Джон Апдайк - Переворот
Однако за более широким стеклом двери в кабинет самого Эзаны, находившийся шагах в двадцати дальше по коридору, за круглым столом, на котором лежали кубинские и болгарские журналы в ярких обложках с загорелыми красотками в капельках воды, нежившимися на пляжах Черного и Карибского морей, горел свет. Оттуда, словно из котлована, доносился гортанный смех. Эзана приложил ухо — ненормально маленькое и недостаточно развитое даже для черного — к стеклу. Вместе со смехом Кутунды он услышал другой голос, мужской, не стесняющийся своей громкости. Они ждали его и веселились. Эзана осторожно открыл дверь и прошел через свою старую приемную в кабинет. Там пред ним предстала ослепительная Кутунда в красном кружевном белье, с волосами, выкрашенными в платиновый цвет и высоко зачесанными; она, словно официантка, разносящая на коктейле закуски, протягивала сидевшему за столом мужчине проволочную корзинку с бумагами. А за столом сидел молодой человек с овальным лицом, который в свое время читал королю Коран. На нем по-прежнему была феска сливового цвета, и его лицо цвета черного дерева было все так же спокойно, только сейчас он держал в руке черный, отливавший голубоватой белизной револьвер.
— Мы нужны друг другу, — сказал он Микаэлису Эзане.
V
Эсмеральда Миллер была интересного цвета — серого, как опилки чугуна, такие мелкие, что глаз не может уловить отдельные зерна. По мнению Хакима, этот оттенок, похожий на искусственный, был продуктом ее убеждений и детерминизма в экономике. В то же время она была привлекательной молодой женщиной с узким, с выступающими челюстями, лицом, миндалевидными глазами в рамке очков с розовой пластмассовой оправой и завораживающей манерой задумчиво двигать нижней челюстью, словно проверяя коронки, поставленные отцом на ее коренные зубы.
— Чего ты пытаешься добиться, — спрашивала она молодого дезертира из Нуара, сидя по другую сторону стола в «Закусочной вне кампуса», или позже в «Мороженом из чистых молочных продуктов», или еще позже в кафе «Бэджер», где на полу лежали пропитанные пивом опилки и бормотала фосфоресцирующая реклама, — связавшись с этой сукой-маньячкой Кэнди?
— Добиться?

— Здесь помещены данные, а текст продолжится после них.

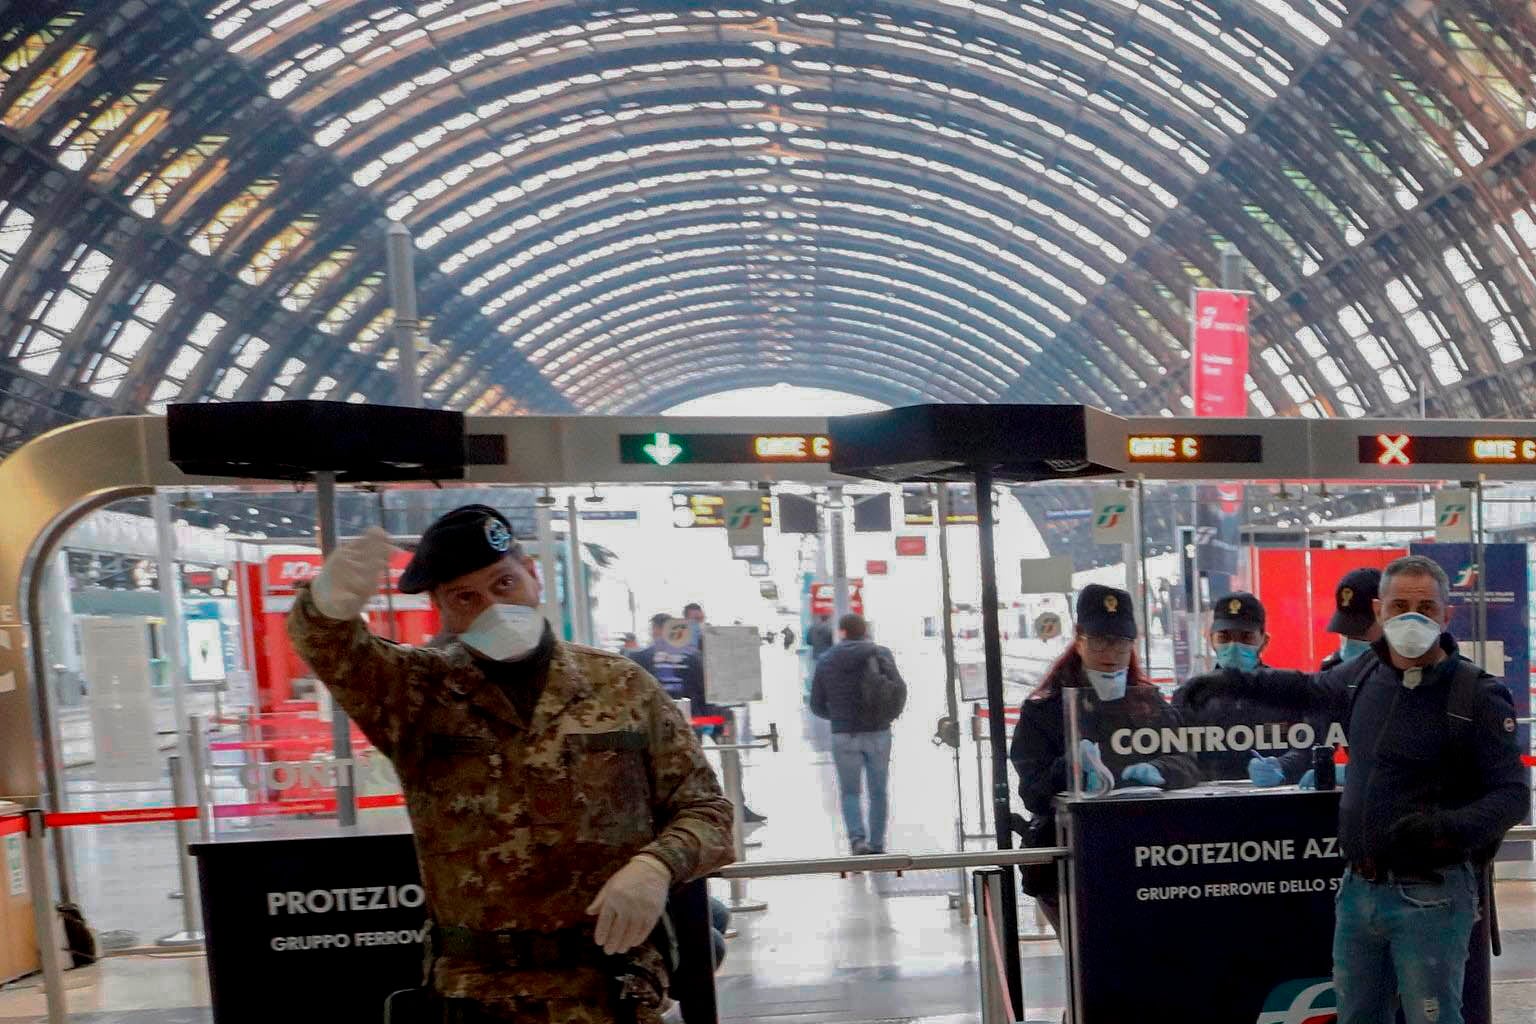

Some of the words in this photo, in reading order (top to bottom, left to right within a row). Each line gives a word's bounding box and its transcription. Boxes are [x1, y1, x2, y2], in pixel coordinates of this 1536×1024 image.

Это вопрос, повернутый наоборот. Что говорит Фрейд? Удовольствие снимает напряжение. А существует напряжение, которое снимает траханье с ней. В сексе, несомненно, есть компонент мести, стремление согрешить, украсть конфетку у Чарли[39] и тому подобное. Что касается ее, то она помешана на родных. Тем не менее мы ладим.
— Она не подарок — этого ты не видишь. Она с ходу стала к тебе клеиться. А ты поддался. Ты уже несколько лет с этим живешь, а у нее на уме — захомутать тебя. Что будет, когда ты закончишь учебу?
— Я говорил ей не раз, что женат.
— На какой-то старой черной корове неизвестно где? Этой белой девчонке до той женщины так же нет дела, как клопу под камнем. Она не верит, что та женщина существует, и я тоже не верю. Да и вообще, кто говорит, что ты намерен вернуться туда? Это же факт, Счастливчик, ты такой же американский, как яблочный пирог. Я как друг пытаюсь научить тебя уму-разуму, а ты мне отвечаешь словами Дэвида Ризмана и слышанного где-то Фрейда. Я ж тебя люблю.
Последнее было сказано как бы между прочим, как произносят такие слова Боб Хоуп или Кларк Гейбл, но Феликс воспринял их всерьез и понял, что ее советы — сплошная пропаганда. Он решил поиграть с ней.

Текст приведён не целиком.